Task objective: Print every record below exactly as it stands, but leave out the pictures.
======
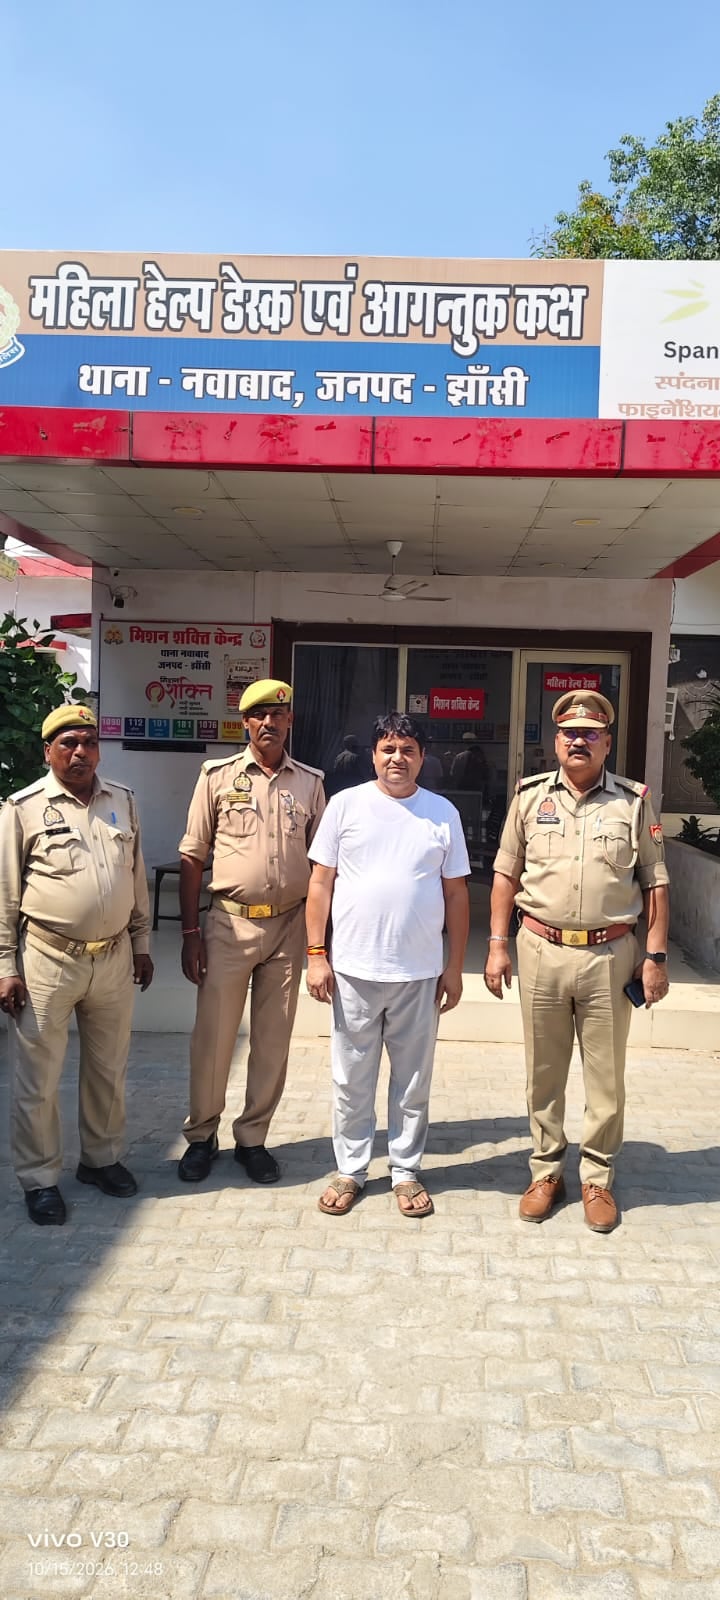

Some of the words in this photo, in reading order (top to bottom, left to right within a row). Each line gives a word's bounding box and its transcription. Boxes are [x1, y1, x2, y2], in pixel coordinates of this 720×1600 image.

[29, 261, 140, 331] महिला
[142, 261, 218, 332] हेल्प
[220, 262, 297, 334] डेस्क
[300, 263, 358, 336] एवं
[361, 279, 511, 358] आगन्तुक
[513, 284, 590, 340] कक्ष
[664, 341, 719, 363] Span
[79, 364, 152, 396] थाना
[180, 367, 305, 408] नवाबाद,
[314, 370, 416, 404] जनपद
[445, 364, 530, 407] झाँसी
[655, 371, 720, 390] स्पंदना
[618, 398, 720, 419] फाइनेंशिय
[129, 626, 169, 644] मिशन
[173, 627, 211, 645] शक्ति
[214, 628, 243, 646] केन्द्र
[158, 661, 182, 669] जनपद
[546, 676, 567, 688] महिला
[433, 695, 449, 711] मिशन
[128, 718, 144, 726] 112
======
Solved problem:
Some of the words in this photo, in reading order (top to bottom, left to right within a row). Each line gives a word's bounding box and its transcription. Boxes are [x1, y1, x2, y2], in pixel coordinates of this 720×1600 image.

[29, 261, 140, 331] महिला
[142, 261, 218, 332] हेल्प
[220, 262, 297, 334] डेस्क
[300, 263, 358, 336] एवं
[361, 279, 511, 358] आगन्तुक
[513, 284, 590, 340] कक्ष
[664, 341, 719, 363] Span
[79, 364, 152, 396] थाना
[180, 367, 305, 408] नवाबाद,
[314, 370, 416, 404] जनपद
[445, 364, 530, 407] झाँसी
[655, 371, 720, 390] स्पंदना
[618, 398, 720, 419] फाइनेंशिय
[129, 626, 169, 644] मिशन
[173, 627, 211, 645] शक्ति
[214, 628, 243, 646] केन्द्र
[158, 661, 182, 669] जनपद
[546, 676, 567, 688] महिला
[433, 695, 449, 711] मिशन
[128, 718, 144, 726] 112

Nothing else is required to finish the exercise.